An additional challenge of some preference research is that it may sometimes include hypothetical options (e.g., that are not yet available in a setting or do not exist), which can create bias toward known features, as it can be hard to know how much one may like or dislike something if they have never had the opportunity to experience it [78]; use of standardized descriptions with simple language, combined with pictures, videos, and/or props, can be helpful in these situations, but may not be able to eliminate hypothetical bias altogether. Furthermore, in some settings, preference research participants may not be used to or traditionally be allowed to share their perspectives, preferences, and values; in such cases, qualitative methods may be especially powerful for not only preliminary exploration of preferences and concerns/challenges related to sharing their perspectives but also to understand the potential feasibility and appropriateness of different preference elicitation methods. For both qualitative and quantitative preference research studies among people affected by TB, it is important to develop procedures that encourage their full and honest participation; to facilitate this, community advisory boards (CABs) and other civil society advocacy groups in local settings can be engaged to advise on research study design and procedures (e.g., the use of culturally appropriate and empowering language emphasizing the importance of their perspectives) [79].

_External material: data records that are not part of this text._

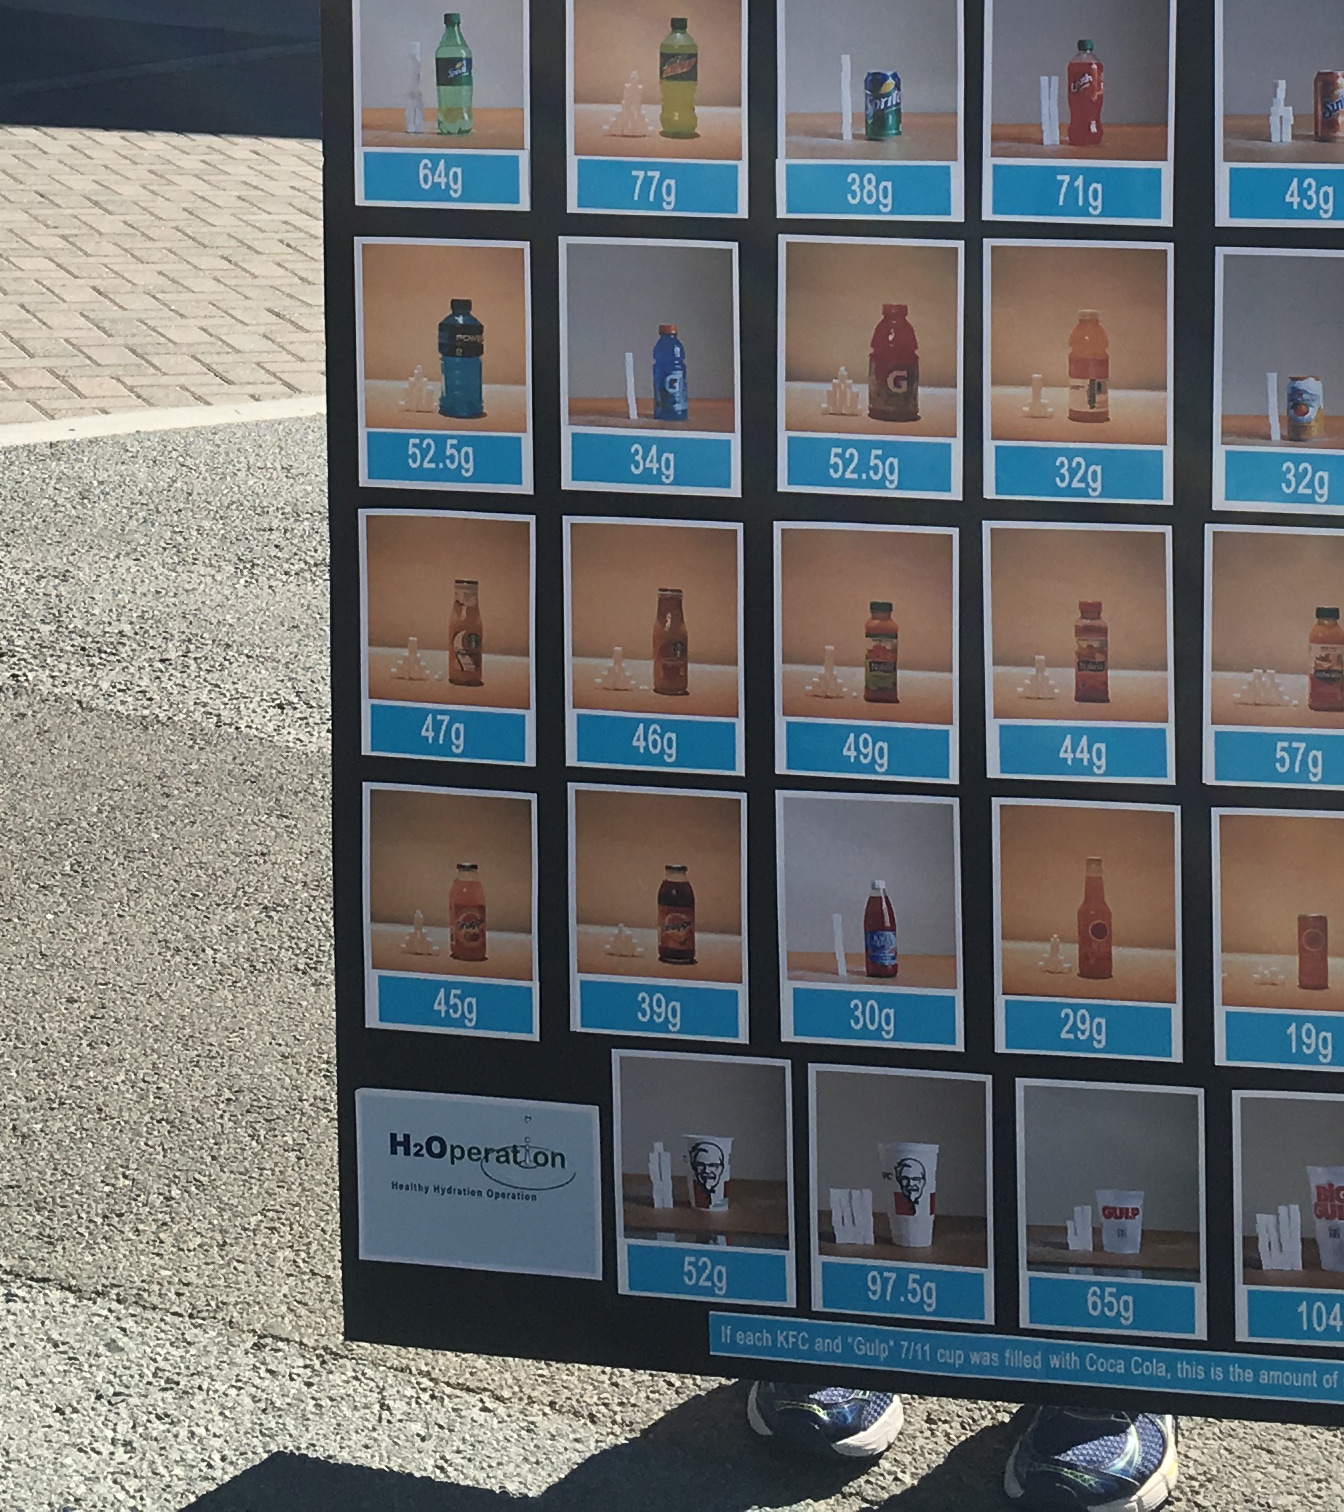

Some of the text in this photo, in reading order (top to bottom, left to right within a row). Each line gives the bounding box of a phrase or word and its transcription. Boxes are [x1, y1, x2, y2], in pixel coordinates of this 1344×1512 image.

[419, 159, 462, 198] 64g
[631, 170, 676, 210] 77g
[847, 173, 893, 212] 38g
[1056, 175, 1103, 215] 71g
[1285, 178, 1335, 219] 43g
[886, 370, 908, 394] G
[407, 438, 473, 477] 52.5g
[630, 443, 675, 483] 34g
[829, 447, 899, 488] 52.5g
[1055, 457, 1102, 497] 32g
[1281, 462, 1329, 503] 32g
[421, 713, 464, 754] 47g
[632, 723, 677, 762] 46g
[842, 733, 889, 773] 49g
[1059, 735, 1106, 775] 44g
[1275, 742, 1323, 782] 57g
[434, 988, 477, 1027] 45g
[637, 992, 681, 1032] 39g
[850, 999, 895, 1039] 30g
[1060, 1009, 1107, 1049] 29g
[1286, 1022, 1333, 1064] 19g
[391, 1181, 537, 1202] Healthy Hydration Operation
[1102, 1205, 1140, 1220] GULP
[683, 1256, 727, 1295] 52g
[867, 1271, 937, 1312] 97.5g
[1087, 1287, 1135, 1325] 65g
[721, 1325, 731, 1344] If
[736, 1330, 772, 1347] each
[777, 1331, 809, 1350] KFC
[814, 1335, 842, 1353] and
[847, 1336, 894, 1360] "Gulp"
[900, 1341, 930, 1362] 7/11
[937, 1348, 964, 1368] cup
[969, 1351, 999, 1367] was
[1005, 1349, 1042, 1369] filled
[1049, 1352, 1080, 1370] with
[1085, 1353, 1125, 1374] Coca
[1131, 1357, 1171, 1379] Cola,
[1176, 1361, 1205, 1379] this
[1210, 1362, 1224, 1381] is
[1229, 1364, 1254, 1382] the
[1259, 1369, 1318, 1388] amount
[1323, 1371, 1338, 1389] of

A final key challenge involves operationalizing the findings from preference research among TB-affected individuals within the constraints of fixed, often under-resourced TB programs, especially when substantial preference heterogeneity is present. Yet HIV programs, operating in the same resource-limited settings as TB programs, support that realizing this people-centered approach is feasible. They offer vital lessons for scaling up and sustaining strategies that prioritize providing individuals choice beyond singular, facility-based options (e.g., modality, decentralized access points, different forms of support, availability of additional services) at each step of the care continuum to enhance client satisfaction and engagement and retention in care [52, 80]. Therefore, while the provision of choice and a people-centered approach within TB diagnostic and screening programs to meet the diverse needs of TB-affected individuals is challenging, it is possible, with cultivating and sustaining political will, and a reimagined sense of what is considered “feasible” in the current landscape of TB programs.

Conclusions

Reaching the millions of individuals in high burden settings with undiagnosed TB will require novel approaches, tools, and strategies combined with multi-sectoral partnerships, strong political will, and sustained funding. Preference research methods encompass both qualitative and quantitative techniques that can explore and quantify the strength of TB-affected peoples’ preferences toward an improved understanding of their perspectives, including relevant barriers, what may or may not be acceptable, and, ultimately, what they value most. The increased application of preference research methods among people affected by TB represents one highly promising approach for closing existing gaps in TB detection by prioritizing the development and implementation of preference-informed, people-centered TB tests, case finding, and communication strategies that are responsive to their needs and wants.